#### ASSIGNED TASK:
Repeat exactly every line that comes at or after the line containing "this 2000×1125 image.", through the end of the entries below.

Segment Open

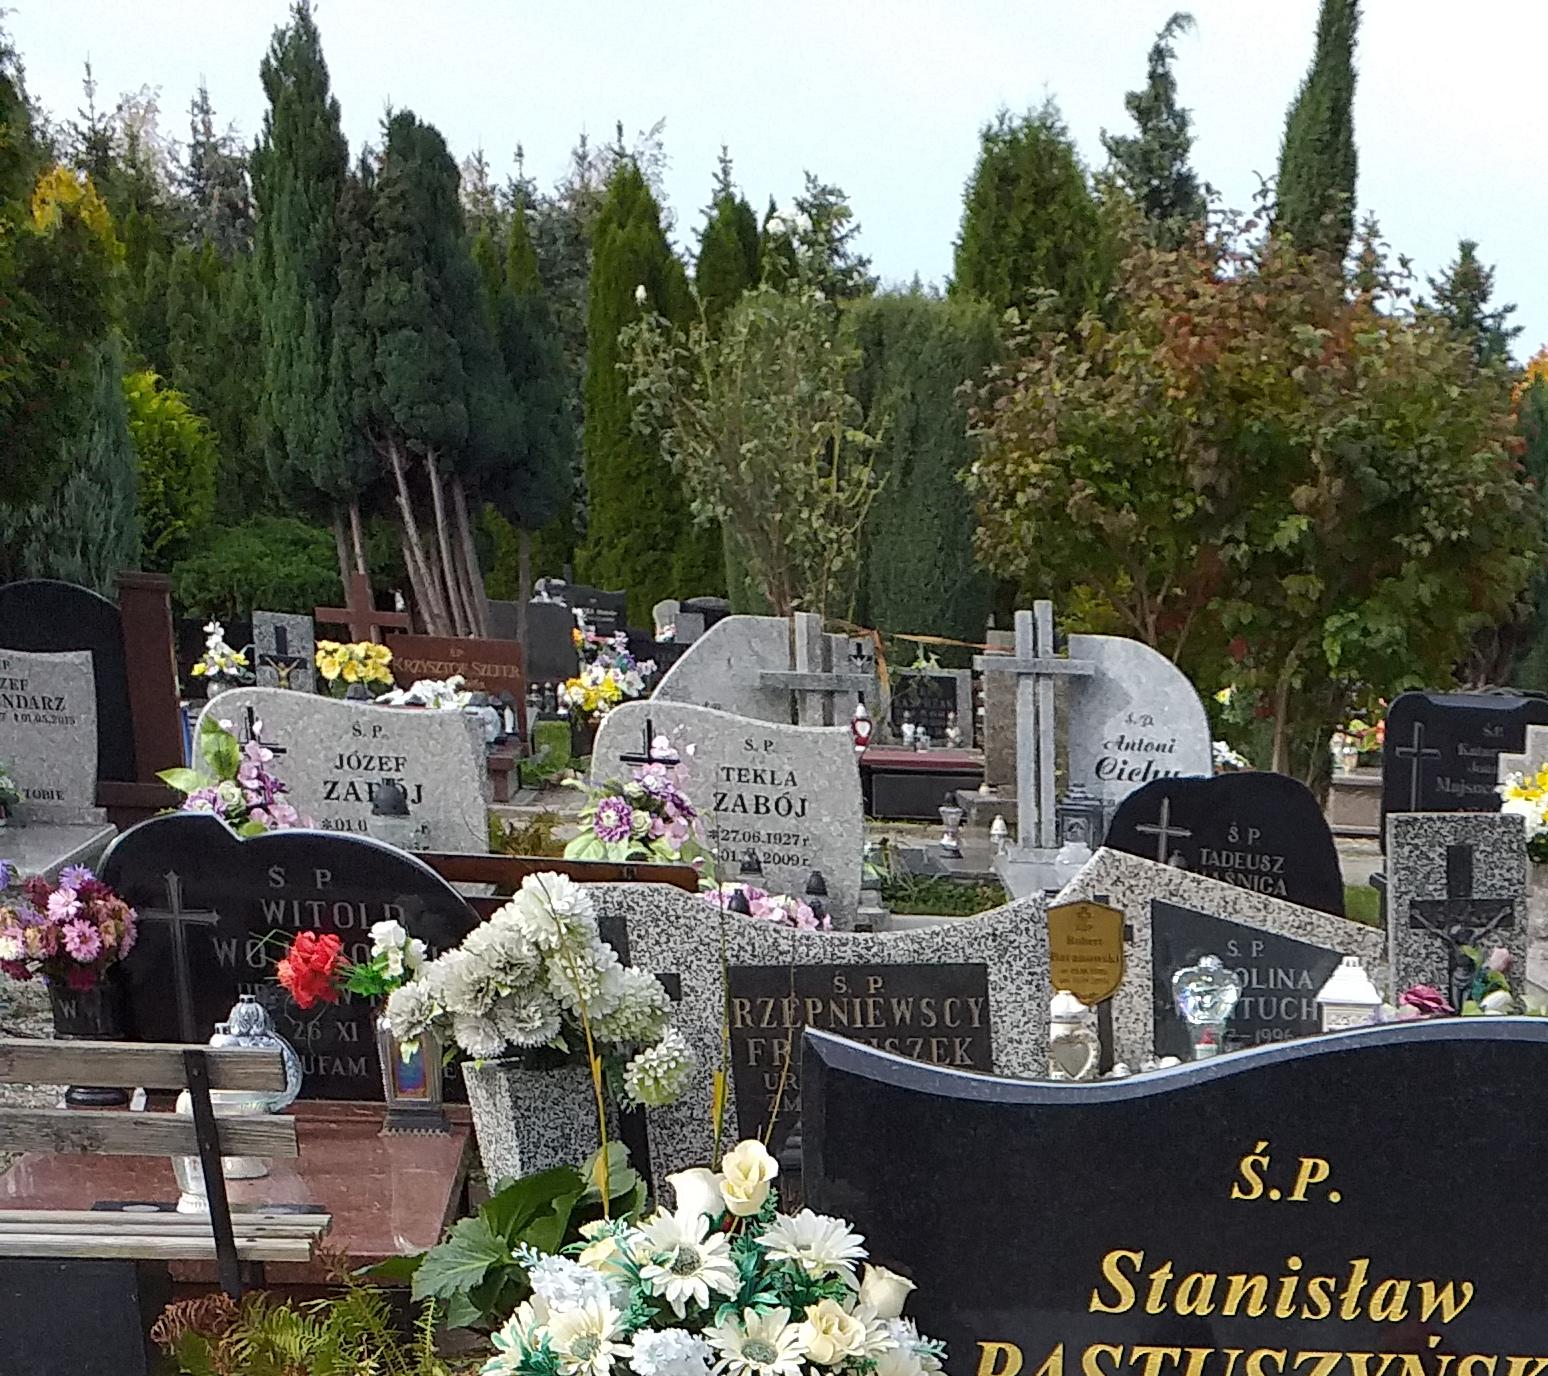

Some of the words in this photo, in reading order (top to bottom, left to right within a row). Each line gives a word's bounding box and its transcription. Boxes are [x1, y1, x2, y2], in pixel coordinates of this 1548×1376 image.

[1103, 734, 1177, 754] Antoni
[334, 750, 408, 773] JÓZEF
[720, 766, 799, 787] TEKLA
[712, 791, 808, 818] ZABÓJ
[1199, 848, 1286, 874] TADEUSZ
[260, 898, 405, 930] WITOLD
[301, 1055, 368, 1076] UFAM
[1231, 1141, 1342, 1204] Ś.P.
[1088, 1249, 1476, 1325] Stanisław
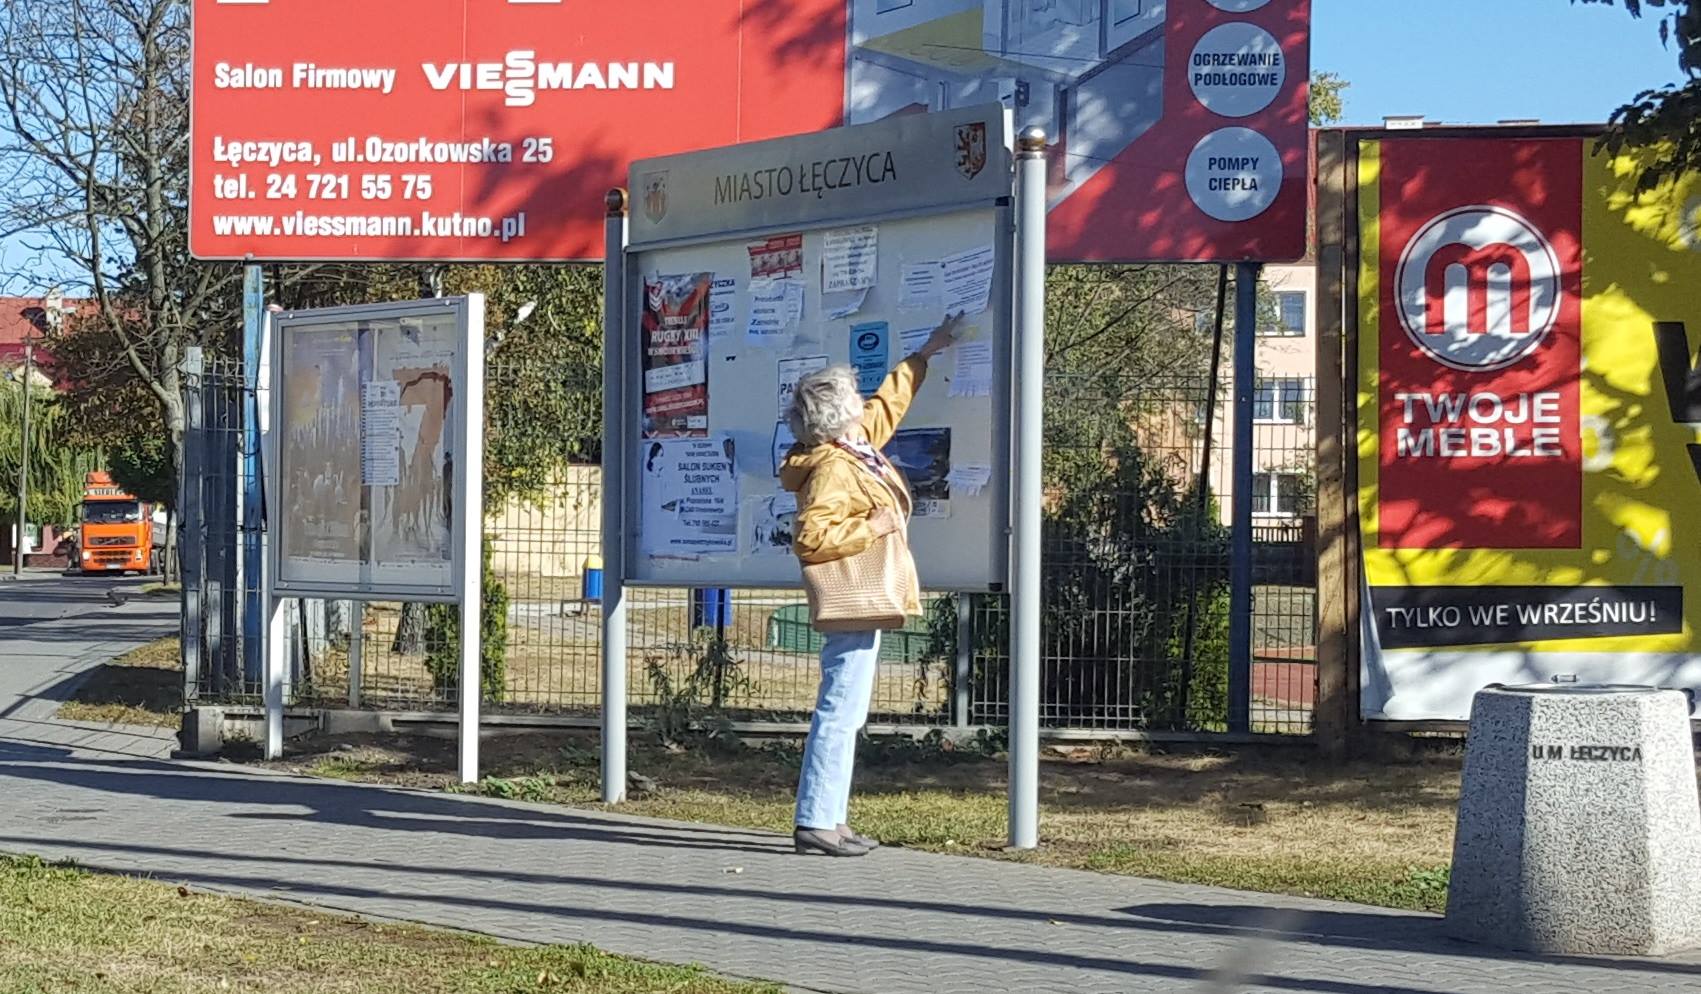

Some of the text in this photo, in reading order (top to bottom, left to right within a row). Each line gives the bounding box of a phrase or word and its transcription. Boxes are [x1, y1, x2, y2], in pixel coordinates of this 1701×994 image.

[1193, 52, 1280, 67] OGRZEWANIE
[214, 61, 396, 93] Salon Firmowy
[422, 50, 675, 107] VIESSMANN
[1194, 72, 1278, 87] PODŁOGOWE
[213, 136, 554, 167] Łęczyca, ul.Ozorkowska 25
[1207, 156, 1260, 172] POMPY
[213, 174, 432, 199] tel. 24 721 55 75
[713, 150, 897, 206] MIASTO ŁĘCZYCA
[1207, 177, 1259, 192] CIEPŁA
[213, 212, 526, 241] www.viessmann.kutno.pl
[651, 329, 682, 343] RUGBY
[1394, 392, 1562, 424] TWOJE
[1396, 428, 1562, 458] MEBLE
[678, 462, 727, 471] SALON SUKIEN
[1386, 596, 1656, 628] TYLKO WE WRZEŚNIU!
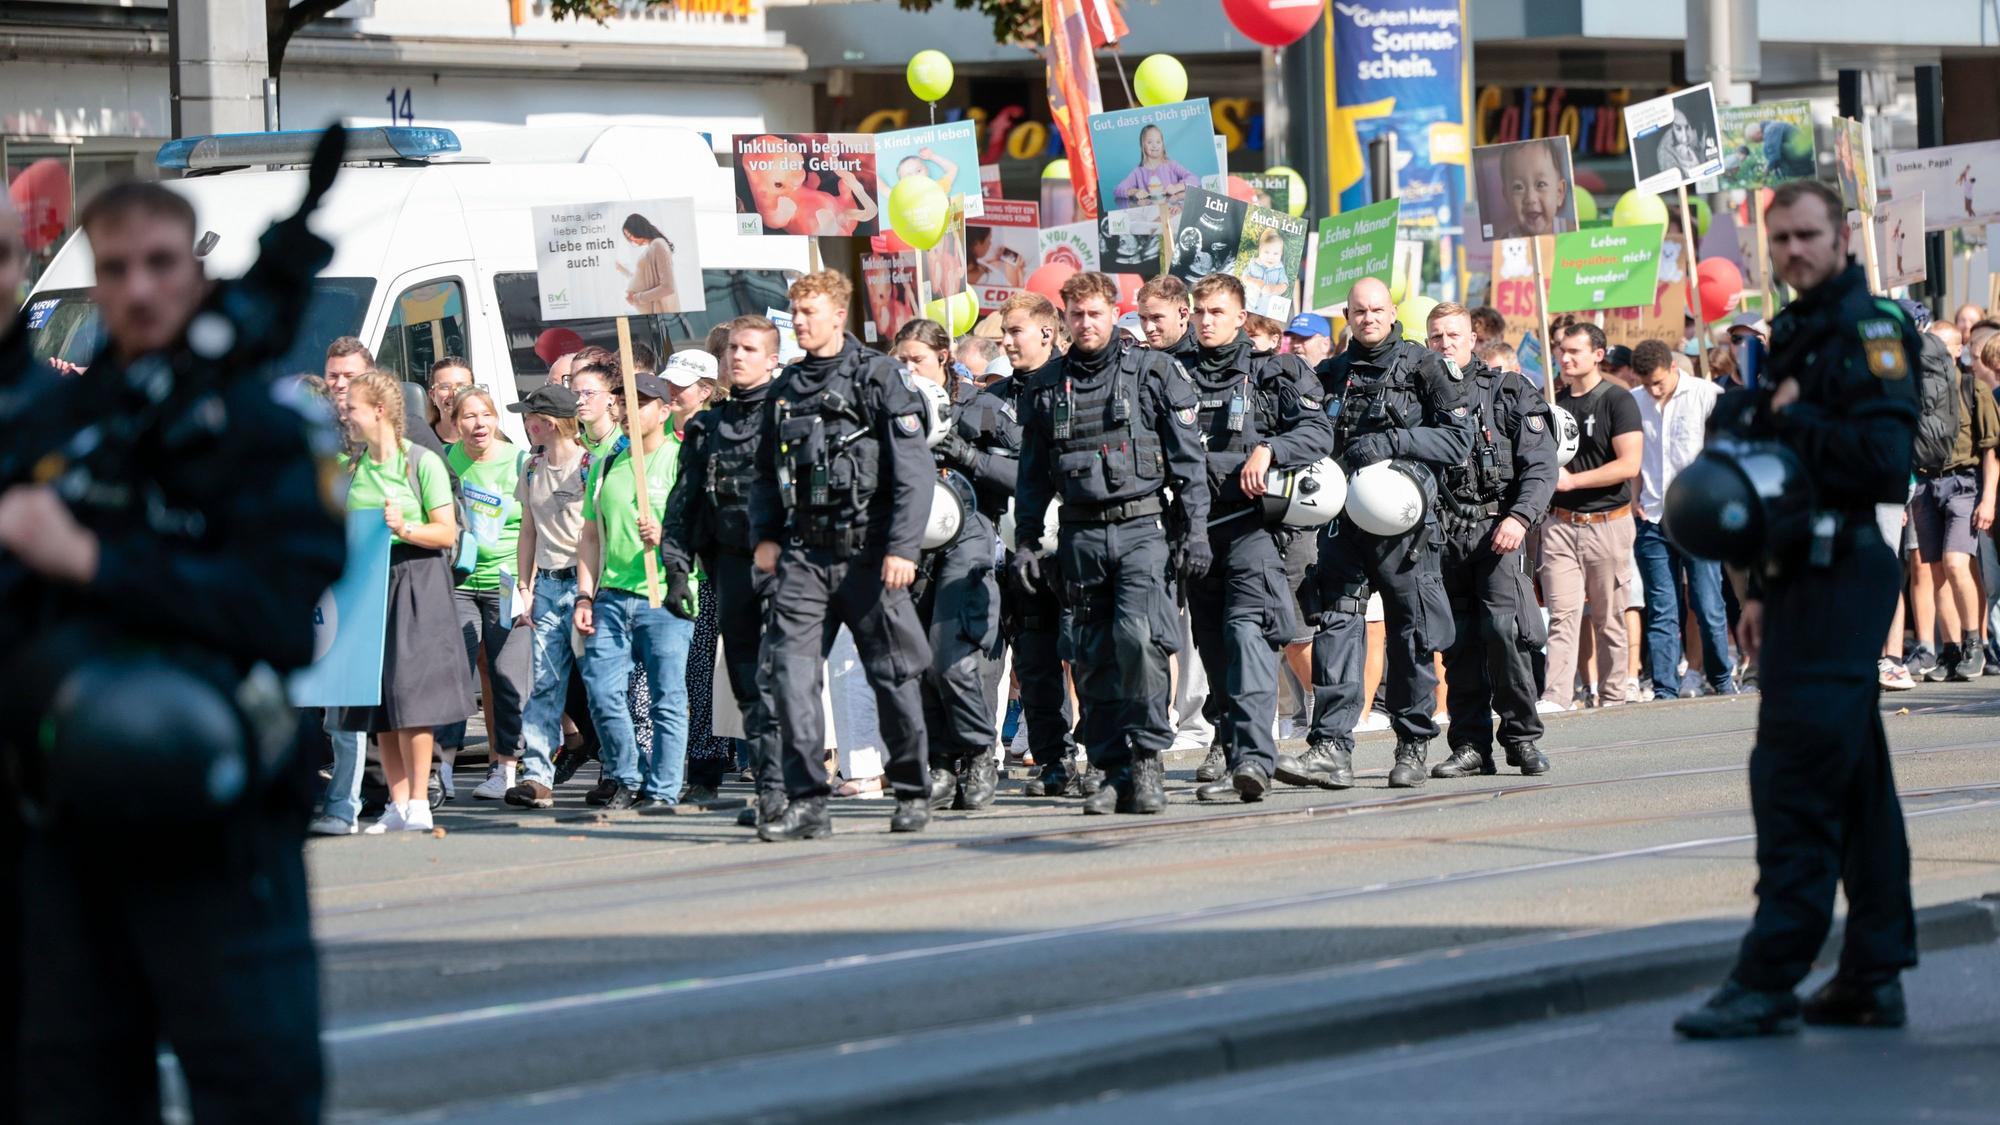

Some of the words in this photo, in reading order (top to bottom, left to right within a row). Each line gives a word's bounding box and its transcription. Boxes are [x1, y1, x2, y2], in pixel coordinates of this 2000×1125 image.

[1358, 52, 1437, 80] schein.
[386, 87, 414, 127] 14
[1093, 119, 1115, 131] Gut,
[1117, 116, 1139, 128] dass
[1141, 114, 1153, 123] es
[1155, 109, 1178, 121] Dich
[1180, 103, 1206, 117] gibt!
[884, 135, 911, 149] Kind
[914, 130, 935, 145] will
[938, 127, 970, 140] leben
[738, 138, 807, 154] Inklusion
[749, 159, 775, 171] vor
[779, 157, 804, 171] der
[809, 157, 862, 171] Geburt
[1265, 177, 1287, 189] ich!
[551, 213, 585, 223] Mama,
[587, 212, 603, 221] ich
[1205, 196, 1229, 214] Ich!
[1251, 210, 1279, 229] Auch
[1281, 219, 1303, 236] ich!
[553, 226, 577, 236] liebe
[580, 224, 606, 235] Dich!
[548, 240, 582, 253] Liebe
[586, 238, 615, 250] mich
[1590, 235, 1628, 249] Leben
[1341, 242, 1372, 260] stehen
[1622, 250, 1652, 264] nicht
[567, 255, 600, 269] auch!
[1320, 275, 1333, 287] zu
[1335, 266, 1363, 283] ihrem
[1365, 252, 1389, 274] Kind
[1575, 270, 1629, 286] beenden!
[30, 298, 61, 311] NRW

Segment Closed

#### ANSWER TO THIS EXERCISE:
Some of the words in this photo, in reading order (top to bottom, left to right within a row). Each line gives a word's bounding box and its transcription. Boxes are [x1, y1, x2, y2], in pixel coordinates of this 2000×1125 image.

[1358, 52, 1437, 80] schein.
[386, 87, 414, 127] 14
[1093, 119, 1115, 131] Gut,
[1117, 116, 1139, 128] dass
[1141, 114, 1153, 123] es
[1155, 109, 1178, 121] Dich
[1180, 103, 1206, 117] gibt!
[884, 135, 911, 149] Kind
[914, 130, 935, 145] will
[938, 127, 970, 140] leben
[738, 138, 807, 154] Inklusion
[749, 159, 775, 171] vor
[779, 157, 804, 171] der
[809, 157, 862, 171] Geburt
[1265, 177, 1287, 189] ich!
[551, 213, 585, 223] Mama,
[587, 212, 603, 221] ich
[1205, 196, 1229, 214] Ich!
[1251, 210, 1279, 229] Auch
[1281, 219, 1303, 236] ich!
[553, 226, 577, 236] liebe
[580, 224, 606, 235] Dich!
[548, 240, 582, 253] Liebe
[586, 238, 615, 250] mich
[1590, 235, 1628, 249] Leben
[1341, 242, 1372, 260] stehen
[1622, 250, 1652, 264] nicht
[567, 255, 600, 269] auch!
[1320, 275, 1333, 287] zu
[1335, 266, 1363, 283] ihrem
[1365, 252, 1389, 274] Kind
[1575, 270, 1629, 286] beenden!
[30, 298, 61, 311] NRW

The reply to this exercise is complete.